Ela localizou Gregório no Parque de Motomecanização, um quar tel em Casa
Forte. “Ele estava numa cela, com os pés queimados por soda cáustica e a
cabeça quebrada. O coronel Villoc disse que eu era uma atrevida. E
falou: “Com este ferro eu espanquei seu cliente. O que a senhora acha?”. Eu
respondi: “O senhor tem a força, mas...”. aí ele falou: “Mas o quê?”. E eu
disse: “Mas mesmo! Posso ir?”. E ele falou: “Dane-se!”. Para ela, naquele
momento o País vivia “uma síndrome de sangue”.

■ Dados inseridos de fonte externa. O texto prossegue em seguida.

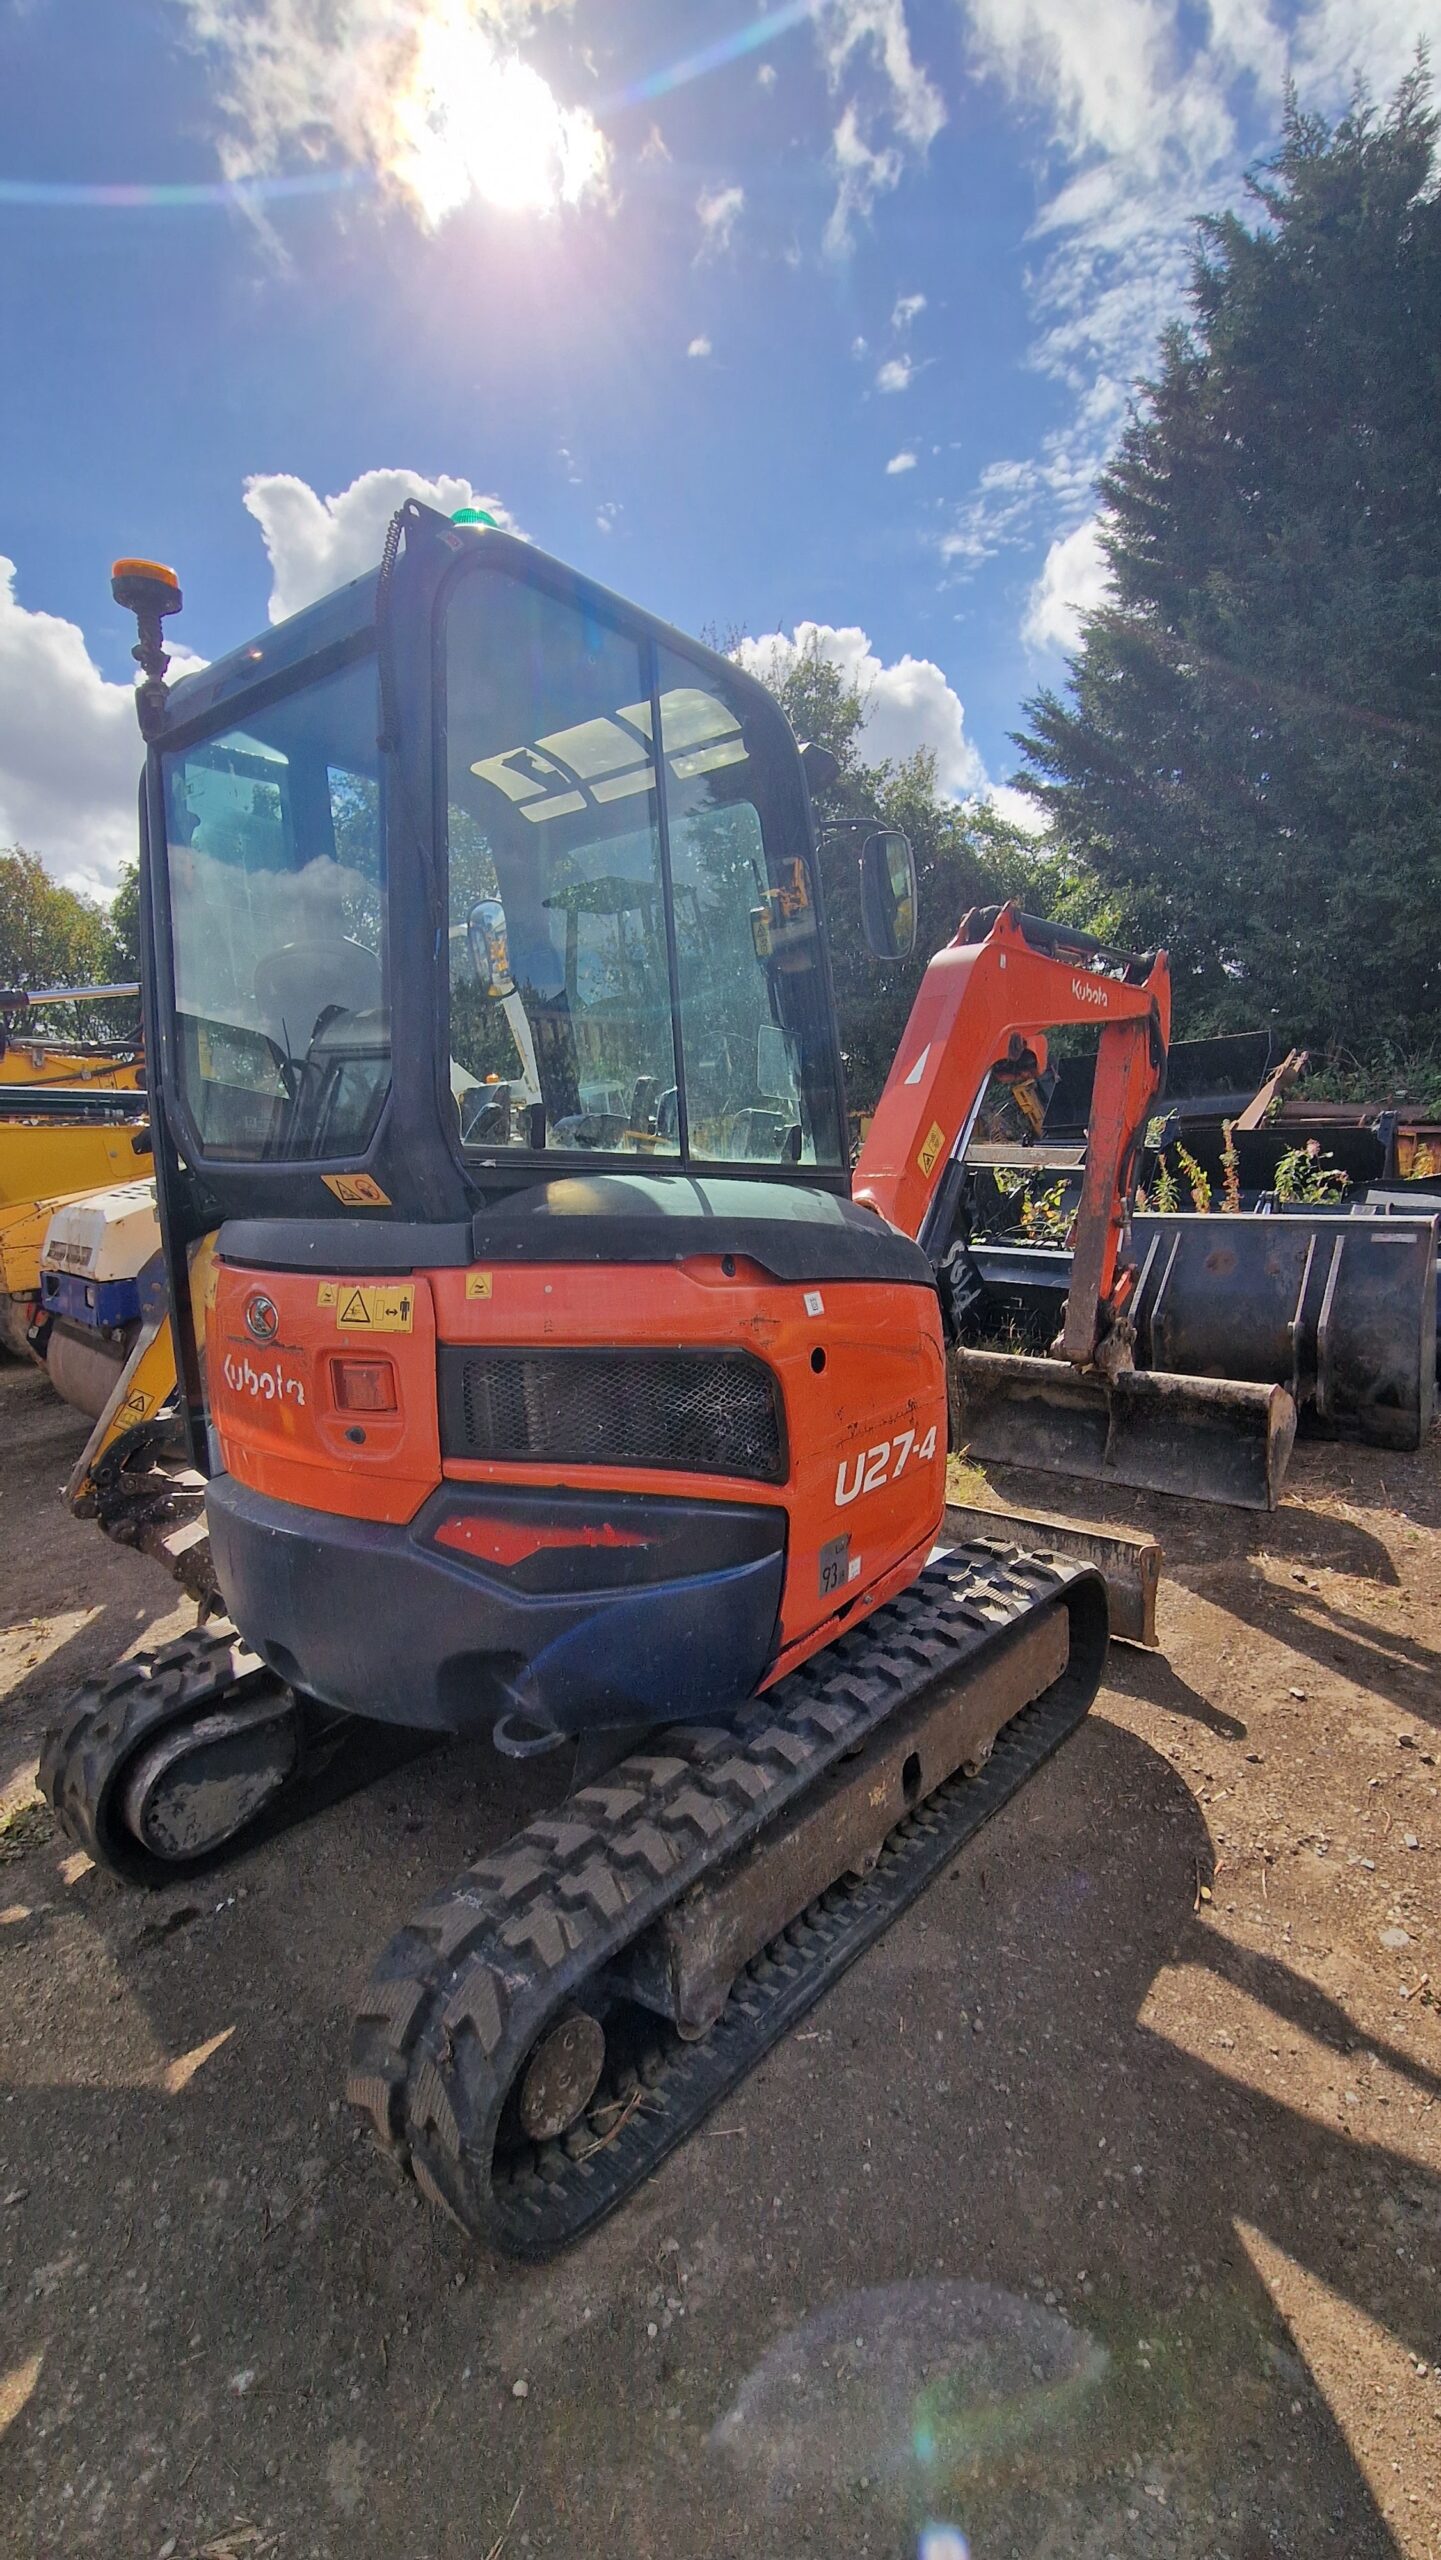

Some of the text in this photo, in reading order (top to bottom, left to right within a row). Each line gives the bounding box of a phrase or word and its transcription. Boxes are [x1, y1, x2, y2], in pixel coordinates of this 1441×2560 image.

[1072, 977, 1108, 1008] Kubota
[834, 1425, 938, 1507] U27-4
[822, 1562, 838, 1592] 93
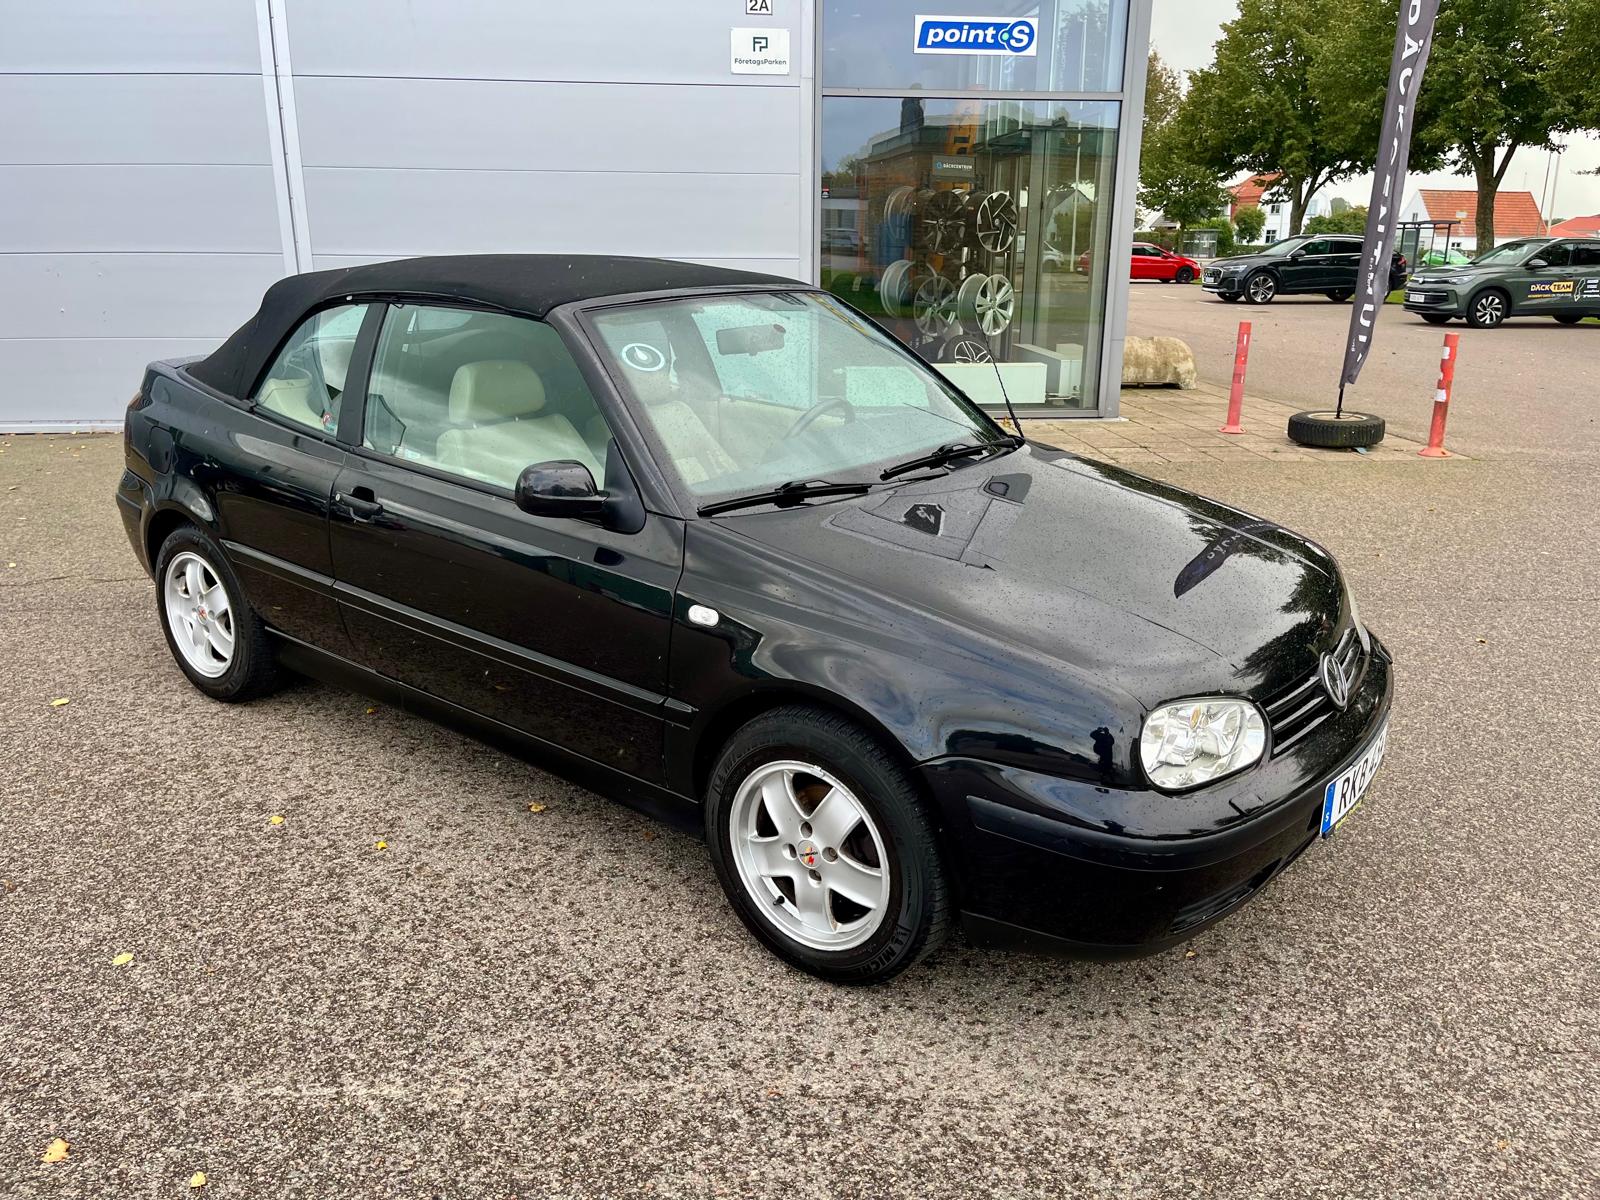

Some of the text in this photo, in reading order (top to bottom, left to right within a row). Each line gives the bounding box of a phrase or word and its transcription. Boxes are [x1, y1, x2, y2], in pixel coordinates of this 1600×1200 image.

Passados 36 anos daquelas cenas, Mércia ainda lembra com emoção, assistindo
à
movimentação das comemorações dos 100 anos de seu amigo e ex-cliente. “Todos
temiam aproximar-se de mim porque eu defendia os presos políticos”, revela,
fazendo questão de mencionar o então escrivão da Vara de Homicídios, Décio
Magalhães que, em 1967, aceitou, com riscos, levar para casa as razões de
defesa de Gregório, rascunhadas por ela, para datilografar. Ainda sem
experiência profissional, Mércia pedia ajuda dos advogados Rui Antunes e
Cláudio César Andrade. Eles iam para uma granja, de madrugada para não serem
vistos pela férrea vigilância policial, onde preparavam as petições. Naquele
momento, Gregório estava doente da próstata e tinha sido removido para o
hospital onde hoje é o Ipsep. Conta que havia policiais com metralhadora
apontando para ela até dentro do quarto do paciente. “Eles queriam ficar até
dentro da sala de cirurgia, mas o coronel-médico César Montezuma os
expulsou.
Eu rendo homenagens ao falecido coronel”.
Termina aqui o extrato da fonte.